Tracheal and cloacal swab samples were taken from each swan and stored at 4°C before being frozen in liquid nitrogen (maximum 3 hours post collection). Initial field diagnostic tests were performed using Flu Detect Antigen Test strips (Synbiotics Corp., Kansas City, MO, USA). Samples were shipped to the Southeast Poultry Research Laboratory (U. S. Department of Agriculture, Athens, Georgia), where they were screened for influenza A virus following standard testing protocols [27].

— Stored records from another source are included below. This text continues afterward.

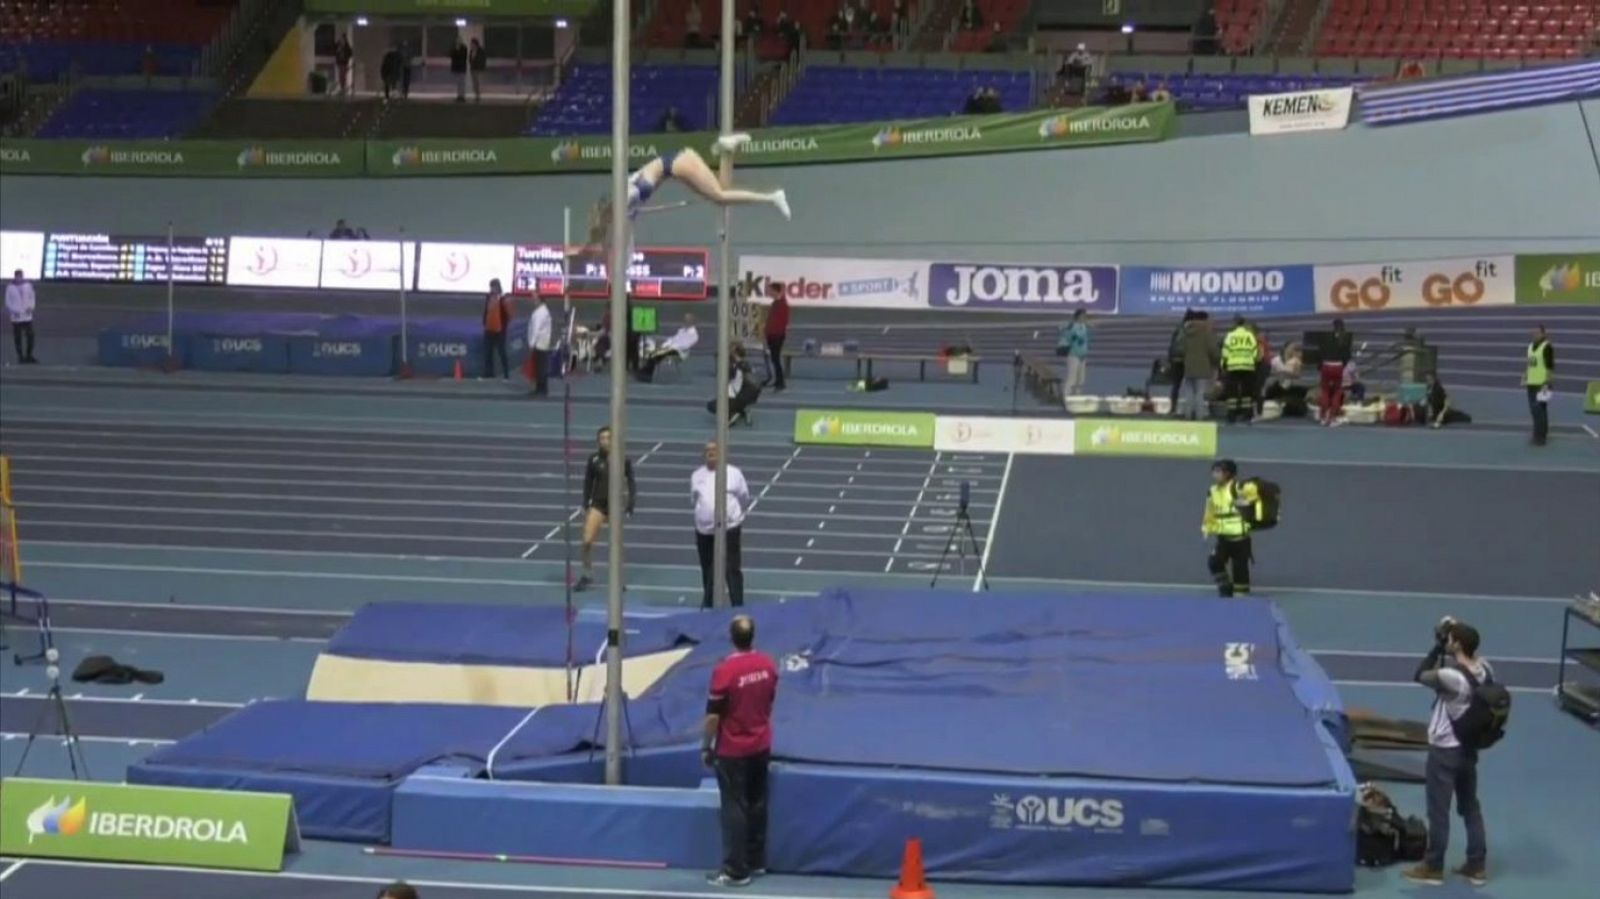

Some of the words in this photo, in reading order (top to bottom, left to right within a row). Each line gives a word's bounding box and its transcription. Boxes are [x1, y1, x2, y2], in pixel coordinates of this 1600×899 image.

[1263, 94, 1319, 117] KEMEN
[1069, 115, 1151, 134] IBERDROLA
[902, 127, 981, 144] IBERDROLA
[110, 151, 183, 164] IBERDROLA
[266, 152, 341, 165] IBERDROLA
[422, 150, 497, 163] IBERDROLA
[1172, 270, 1284, 293] MONDO
[1330, 277, 1391, 310] GO
[1381, 265, 1403, 284] fit
[1421, 271, 1485, 307] GO
[1475, 260, 1498, 279] fit
[440, 343, 467, 356] UCS
[840, 421, 918, 437] IBERDROLA
[1120, 429, 1199, 445] IBERDROLA
[1047, 797, 1124, 828] UCS
[89, 811, 248, 843] IBERDROLA
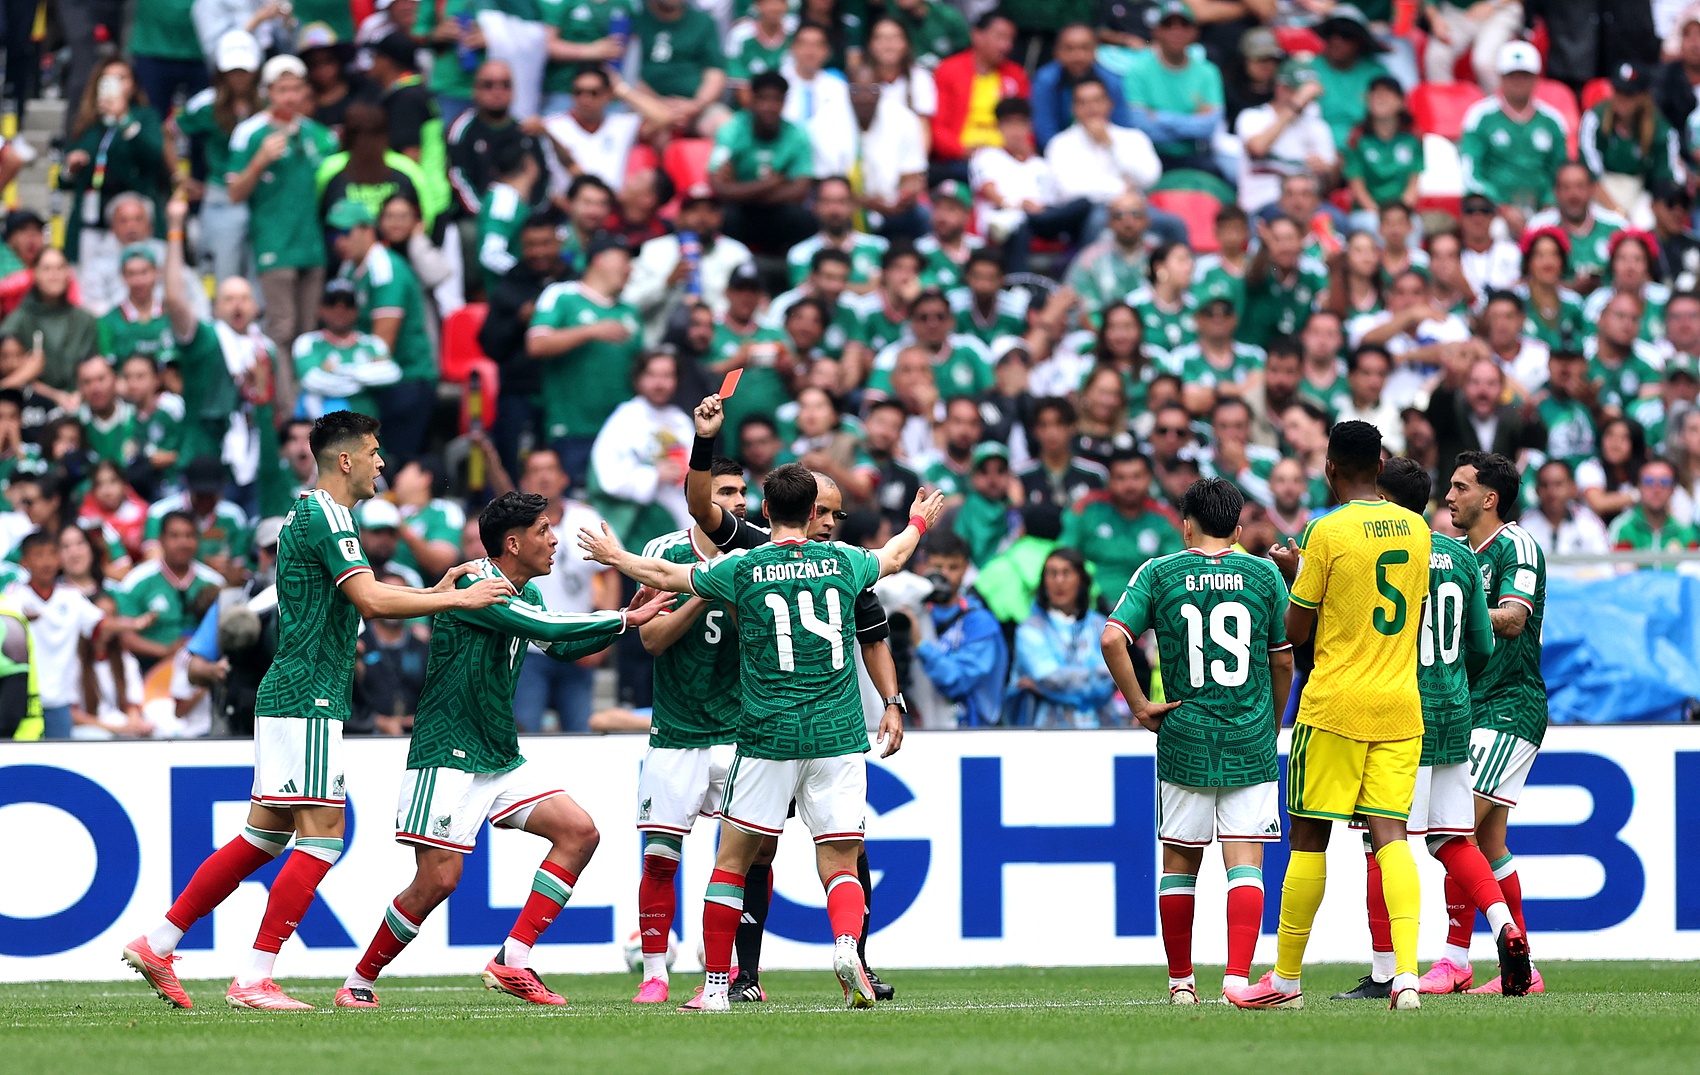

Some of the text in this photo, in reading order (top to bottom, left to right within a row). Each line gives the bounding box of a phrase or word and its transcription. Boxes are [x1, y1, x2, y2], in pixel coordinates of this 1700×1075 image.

[752, 559, 841, 582] A.GONZÁLEZ
[1185, 573, 1244, 591] G.MORA
[1373, 549, 1409, 636] 5
[704, 610, 723, 644] 5
[764, 587, 844, 671] 14
[1180, 601, 1252, 688] 19
[1420, 581, 1463, 667] 10
[447, 753, 1295, 945] LGH

Satellite telemetry locations

Transmitters were programmed to collect GPS locations at 2 -hr intervals throughout the 24 hr day and transmit signals to Argos satellites every 65 s for an 8 -hr on-cycle, followed by a 48 -hr off-cycle to facilitate solar recharging. Data were recovered from the Argos Data Collection and Location System (CLS America Inc., Largo, MD, USA) via receivers aboard polar-orbiting weather satellites. CLS calculated PTT location estimates that were derived from the perceived Doppler-effect shifts in transmission frequency during a satellite overpass. The accuracy of each location was rated by class. Class G locations indicated that the position was a GPS location with mean accuracy ±18.5 m. Conventional Argos location classes 0, 1, 2, and 3 indicated the location was derived from ≥4 transmissions, with accuracy >1000 m, 350–1000 m, 150–350 m, and ≤150 m, respectively. Location classes A (3 transmissions) and B (2 transmissions) are not assigned accuracy estimates by CLS, and location class Z indicates that no locations were obtained.

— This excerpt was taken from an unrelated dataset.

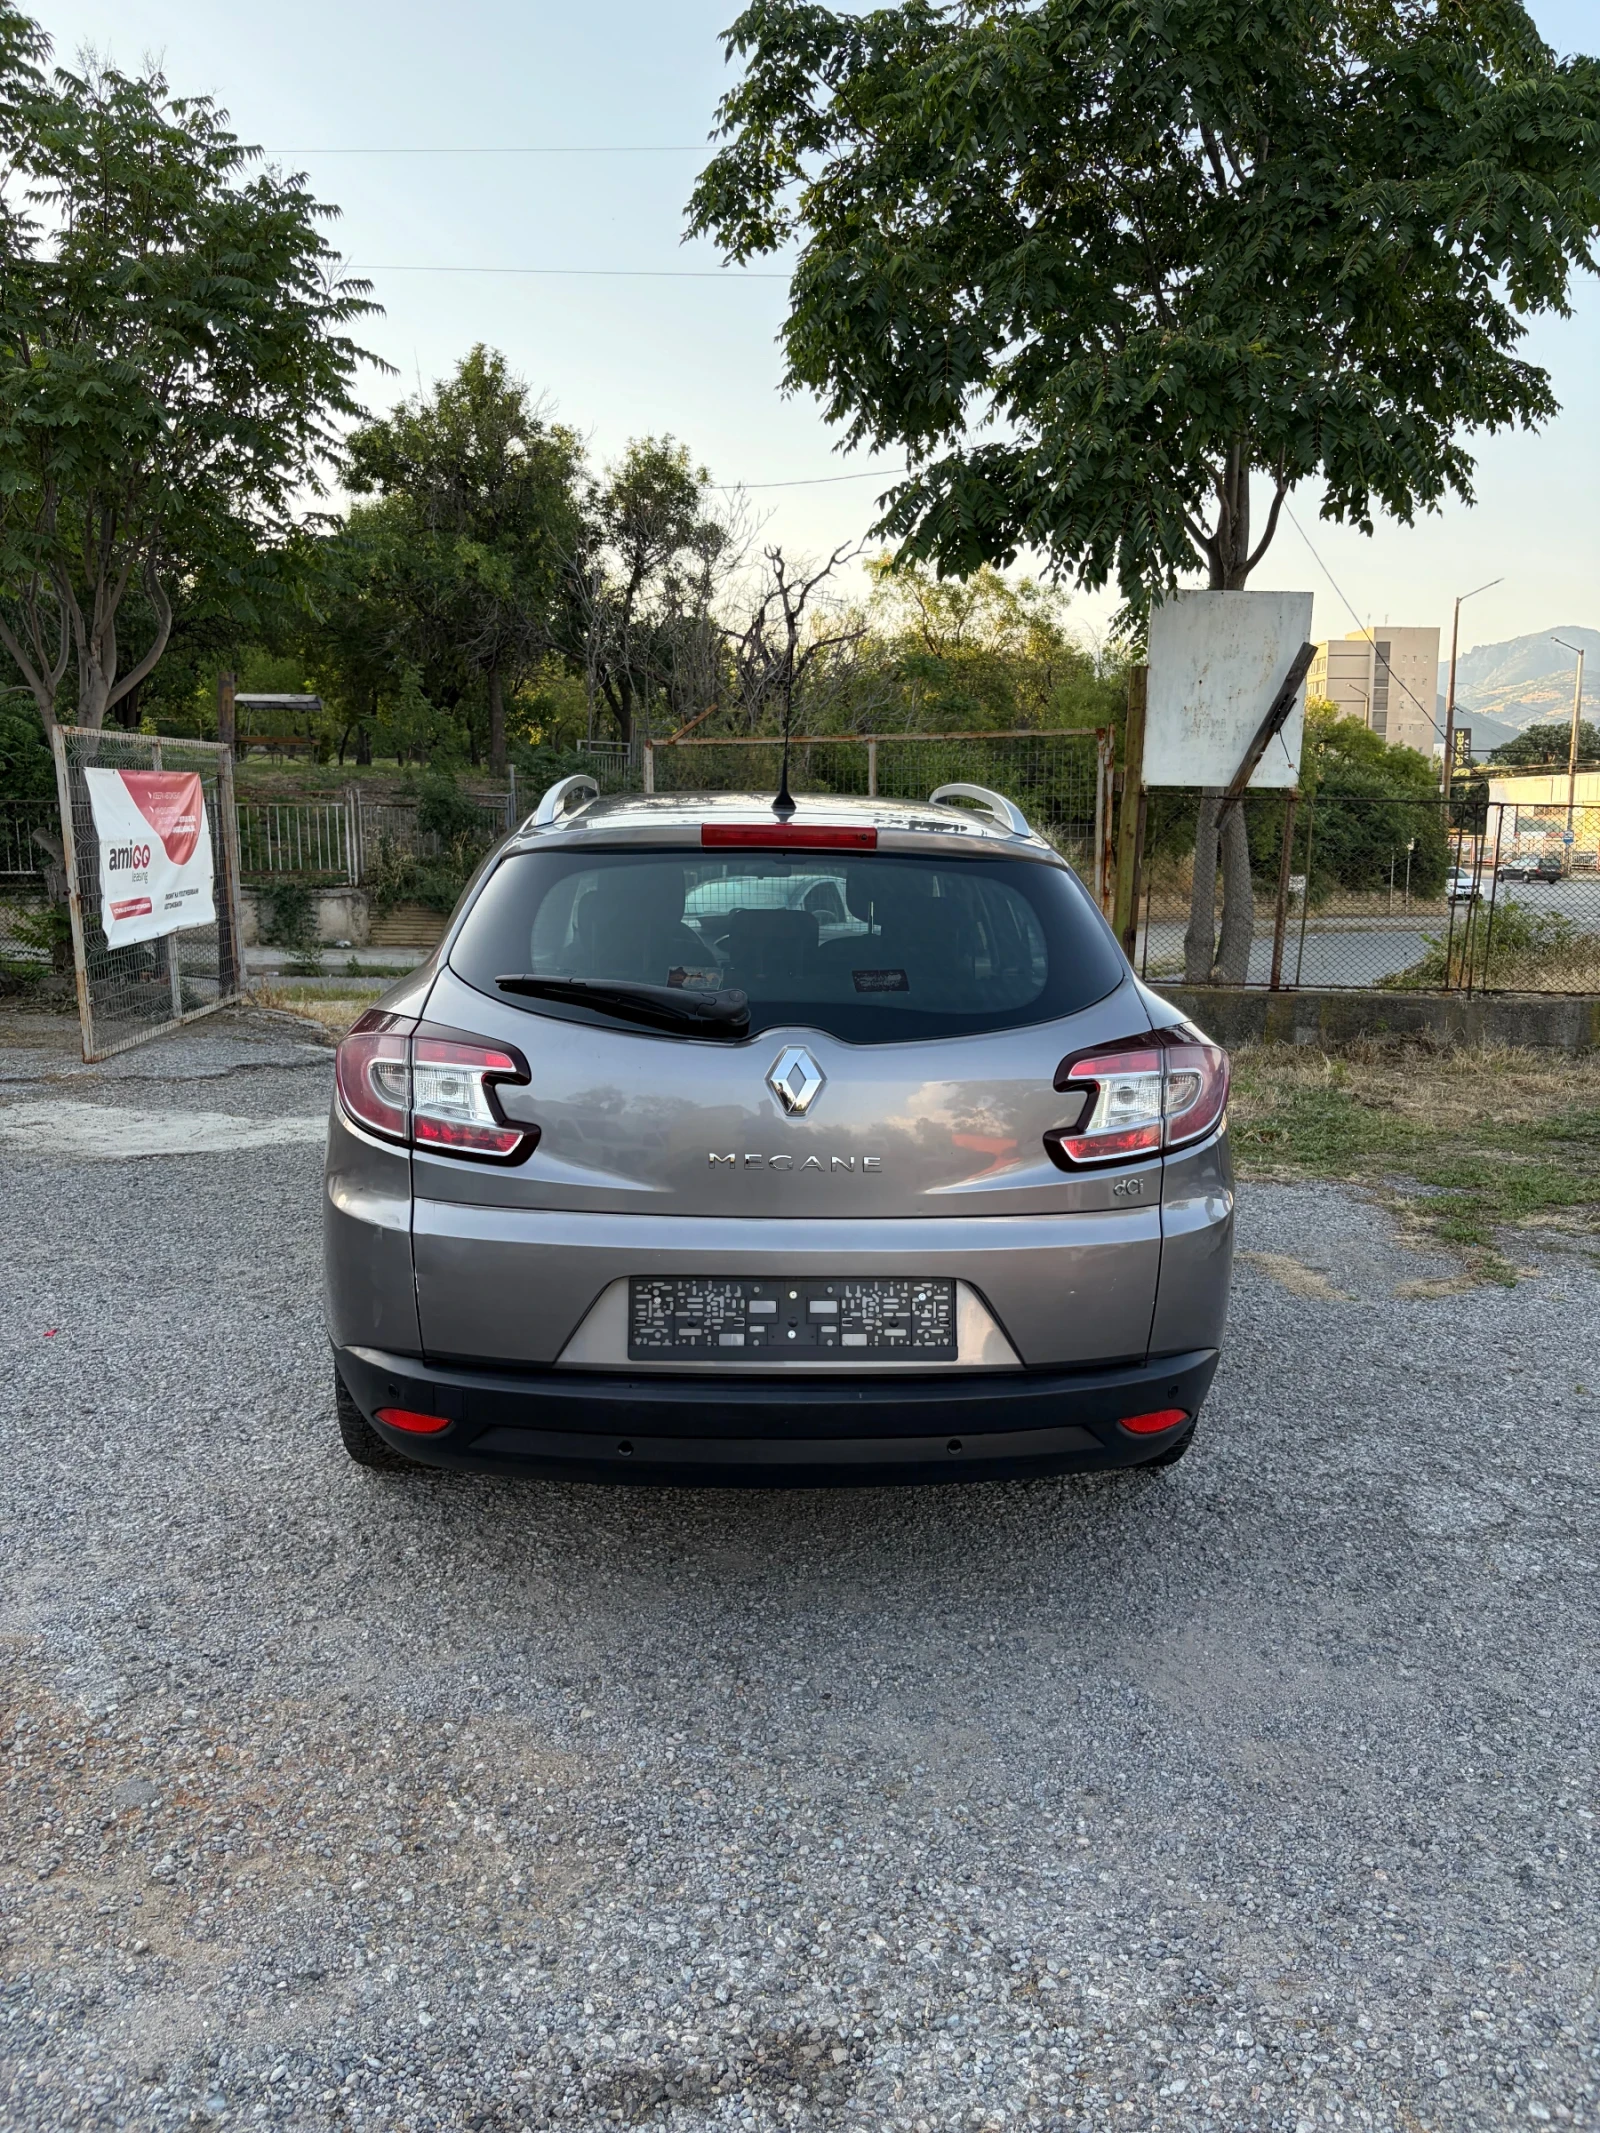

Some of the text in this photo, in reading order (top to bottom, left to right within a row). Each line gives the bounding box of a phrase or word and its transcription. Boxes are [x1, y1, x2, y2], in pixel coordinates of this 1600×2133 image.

[132, 871, 149, 884] leasing
[708, 1152, 883, 1173] MEGANE
[1113, 1178, 1144, 1196] dCi

We compiled and validated our Doppler-derived location data using the Argos Filter Algorithm (D. Douglas, Version 7.03, http://alaska.usgs.gov/science/biology/s​patial/). The filtering algorithm flags improbable locations based on user-defined distance and velocity thresholds. We used the algorithm to compile two datasets for analysis. The first dataset included one location per duty cycle, based on the highest-accuracy location class. Quality of signals was judged first on the basis of location class (G>3>2>1>0>A>B), and then by indices of residual frequency error. Our primary interest for compiling a dataset with one location per duty cycle was to evaluate broad-scale migration routes and movement chronology. For finer scale spatial analyses, we constructed a comprehensive dataset that included all GPS locations that were Class 1 or higher.

Environmental data layers

To relate swan movements to landscape features and potential risk factors associated with H5N1 transmission we integrated our telemetry locations with digital thematic maps using ArcGIS, Version 9.2 (Environmental Systems Research Institute Inc., Redlands, California, USA). For habitat features we used MODerate-resolution Imaging Spectroradiometer (MODIS)/Terra Land Cover Classification, distributed by the Land Processes Distributed Active Archive Center, located at the United States Geological Survey Center for Earth Resources Observation and Science (http://LPDAAC.usgs.gov). The MODIS/Terra Land Cover Classification contains multiple classification schemes, the primary of which identifies 17 classes defined by the International Geosphere-Biosphere Programme (IGBP). We used a University of Maryland modification of the IGBP scheme (Land Cover Type 2), which we compiled into 4 land cover categories: (1) natural vegetation, including barren or sparsely vegetated areas; (2) water; (3) cropland or cropland mosaic; and (4) urban.

Poultry density information was obtained from the United Nations Food and Agriculture Organization (FAO) via the Geonetwork (http://www.fao.org/geonetwork). Methodology and sources of the estimates are described in the FAO's Gridded Livestock of the World [28]. Briefly, for each country the most recent available livestock census data were converted into densities to produce “observed” data and then disaggregated based on statistical relations with environmental variables in similar agro-ecological zones to produce “predicted” poultry distributions. The files were disseminated in raster format (0.0833-degree resolution), with pixel values representing predicted densities of poultry (head/km2; Figure 2).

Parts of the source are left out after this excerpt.